The above discussion was about Unix devices in general. Now I will say a brief word about terminal devices, and leave more detailed discussion to later parts. When a process reads from, say, /dev/tty1
, it will receive input that was typed on the first virtual terminal. Likewise, when a process writes to /dev/tty1
, characters will appear on the first virtual terminal’s virtual screen. This is the meaning of the Unix device abstraction applied to terminals. So, when the terminal driver registers the terminal devices, it will pass to the kernel a read
pointer to a function that will return keyboard input, and a write
pointer to a function that will display something on the virtual screen. It doesn’t make any sense to seek on a terminal (although you can move the cursor, which I’ll talk about later), so if you try, you’ll get ESPIPE.
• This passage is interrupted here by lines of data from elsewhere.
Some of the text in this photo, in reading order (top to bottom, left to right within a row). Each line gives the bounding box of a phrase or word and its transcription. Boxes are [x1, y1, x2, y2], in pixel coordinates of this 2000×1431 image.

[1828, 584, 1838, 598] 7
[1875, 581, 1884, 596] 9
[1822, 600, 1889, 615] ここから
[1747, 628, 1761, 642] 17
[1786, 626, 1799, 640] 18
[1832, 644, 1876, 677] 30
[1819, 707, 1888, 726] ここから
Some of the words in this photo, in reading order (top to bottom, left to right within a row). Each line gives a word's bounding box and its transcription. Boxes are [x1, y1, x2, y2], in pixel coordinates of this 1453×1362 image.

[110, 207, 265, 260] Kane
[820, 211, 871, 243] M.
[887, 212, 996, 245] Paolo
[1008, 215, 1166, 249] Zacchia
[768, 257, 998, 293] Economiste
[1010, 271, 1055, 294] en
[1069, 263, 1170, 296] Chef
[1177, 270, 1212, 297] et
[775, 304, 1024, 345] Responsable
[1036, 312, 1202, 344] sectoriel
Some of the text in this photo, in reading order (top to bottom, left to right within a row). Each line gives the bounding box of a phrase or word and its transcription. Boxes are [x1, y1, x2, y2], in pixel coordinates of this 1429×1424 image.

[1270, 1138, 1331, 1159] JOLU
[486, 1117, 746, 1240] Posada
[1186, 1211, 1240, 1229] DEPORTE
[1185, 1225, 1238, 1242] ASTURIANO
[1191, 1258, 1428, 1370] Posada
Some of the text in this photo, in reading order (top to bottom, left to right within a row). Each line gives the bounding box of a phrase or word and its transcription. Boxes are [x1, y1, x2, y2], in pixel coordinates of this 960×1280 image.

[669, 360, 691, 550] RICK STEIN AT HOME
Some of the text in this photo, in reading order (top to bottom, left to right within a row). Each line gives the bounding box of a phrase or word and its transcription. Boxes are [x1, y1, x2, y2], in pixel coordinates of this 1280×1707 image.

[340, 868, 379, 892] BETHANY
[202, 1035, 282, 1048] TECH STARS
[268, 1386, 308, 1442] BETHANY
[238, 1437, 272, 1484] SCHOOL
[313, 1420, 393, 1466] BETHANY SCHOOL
If you start up bash on the first virtual terminal, and type: echo $$
, you’ll get the PID of the shell, say, 1496. You can use procfs to find out which files the shell has open:
# ls -l /proc/1496/fd
total 0
lrwx------ 1 root root 64 2012-12-16 18:30 0 -> /dev/tty1
lrwx------ 1 root root 64 2012-12-16 18:30 1 -> /dev/tty1
lrwx------ 1 root root 64 2012-12-16 18:30 2 -> /dev/tty1
lrwx------ 1 root root 64 2012-12-16 18:30 255 -> /dev/tty1
File descriptors 0, 1, and 2 have a fixed meaning of standard input, standard output, and standard error, respectively, in the sense that the C variable stdin
always refers to the file with descriptor 0 on a Unix-like system, and so on. The shell is fundamentally a command processor, which can read commands either from a terminal or from a regular file on disk somewhere. In the first case, as shown here, its standard input will refer to a terminal device, from which it can read commands as they are typed in by the user. In the second case, its standard input will refer to a regular file, from which it can read commands all the same. Similar statements can be made about standard output and standard error. This is the beauty of the Unix device system: the abstraction that it provides. (In practice, GNU bash probably treats the two differently; GNU code tends to be hacked for maximum performance rather than beautiful abstractions.)
If you’re wondering how the shell came to have open file descriptors to /dev/tty1
, you’re getting ahead of yourself. I’ll get to that soon, I promise.
1 One variation is: everything is a file; if it’s not a file, then it’s a process. Some point out that, with the advent of procfs, even processes have become files. I would be inclined to say that processes are not really files, since you can’t write to procfs, so there is no way to (for example) kill a process through the filesystem.